Experienced jewelers and manufacturers know that typical “cold soldering” is more accurately described as “resistance soldering.” Cold soldering tools, like the popular ColdHeat Soldering Pen, have a split tip with electric current running through each point. When the tips are touched to solder, the probes and the solder heat up very quickly because of their resistance to the current passing through them. Lifting the tips away from the solder breaks the circuit, and everything quickly cools.
Now, what if you could use a similar technique on any metal – even ones with very high melting points like gold? Materials scientists at Iowa State University may have just revolutionized the manufacturing industry by developing a soldering method that requires no heat or electricity. It works by forming a shell around microscopic metal droplets and keeping them in a liquid state – even when their surroundings are cooler than their melting temperature – until the shell is ruptured, causing the metal to flow and solidify, like solder.
These droplets are made possible with supercooling – the process of lowering the temperature of a liquid below its freezing point without it becoming a solid. When a liquid falls below its freezing point, it begins to crystalize in the presence of a “seed crystal” or nucleation site, around which a crystal structure can form, creating a solid – almost like how synthetic sapphires are made.
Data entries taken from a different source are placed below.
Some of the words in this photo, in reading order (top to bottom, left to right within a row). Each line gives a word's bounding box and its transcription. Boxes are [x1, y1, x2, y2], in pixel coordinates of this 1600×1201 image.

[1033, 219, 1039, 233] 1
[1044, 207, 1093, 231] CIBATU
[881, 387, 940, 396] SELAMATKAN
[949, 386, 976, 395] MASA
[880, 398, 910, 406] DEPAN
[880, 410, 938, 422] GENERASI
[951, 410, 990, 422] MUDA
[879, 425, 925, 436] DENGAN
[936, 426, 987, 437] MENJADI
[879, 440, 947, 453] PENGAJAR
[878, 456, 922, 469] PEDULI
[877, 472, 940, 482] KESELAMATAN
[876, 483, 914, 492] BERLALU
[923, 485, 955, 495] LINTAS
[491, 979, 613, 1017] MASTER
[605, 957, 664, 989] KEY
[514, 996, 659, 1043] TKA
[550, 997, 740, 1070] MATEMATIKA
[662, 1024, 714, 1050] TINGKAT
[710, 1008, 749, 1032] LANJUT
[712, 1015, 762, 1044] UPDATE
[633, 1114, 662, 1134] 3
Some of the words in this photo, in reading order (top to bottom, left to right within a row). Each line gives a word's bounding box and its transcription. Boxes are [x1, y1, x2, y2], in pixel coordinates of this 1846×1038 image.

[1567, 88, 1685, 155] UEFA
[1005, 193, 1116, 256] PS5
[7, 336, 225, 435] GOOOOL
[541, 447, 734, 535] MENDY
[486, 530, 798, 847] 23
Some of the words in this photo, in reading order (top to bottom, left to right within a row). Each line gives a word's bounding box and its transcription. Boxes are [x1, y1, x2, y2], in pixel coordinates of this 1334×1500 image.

Without this seed, the liquid’s atomic structure cannot crystalize and become a solid – even if the temperature continues to fall below the freezing point.
Solid metals have a crystalline structure, so melted metal is subject to the physics of supercooling. The researchers at ISU created the above mentioned droplets by whipping molten metal into a froth, then allowing it to cool gradually. Oxygen in the froth causes the very outsides of droplets to form a thin metal oxide shell. This oxide reacts with acetic acid, forming a smooth oxide-acetate shell that allows the core to stay liquid as it cools. This ultrathin shell prevents the liquid metal from coming in contact with nucleation sites needed to trigger solidification. Rupturing the shells causes the liquid to flow and immediately solidify, bonding surfaces together – kind of like a water balloon filed with super glue. In a demonstration, the researchers used the technique to solder a gold wire to a sheet of gold film, repair holes in silver film and bond sheets of foil together.
Lead researcher, Martin Thuo, has already formed a start-up company, Safi-Tech, to commercialize this technology. Not only does it have the potential to make jewelry repairs easier, it could also revolutionize metal repair, metal casting, and even 3D printing. Perhaps in the future, we’ll be selling these droplets alongside our selection of casting grains.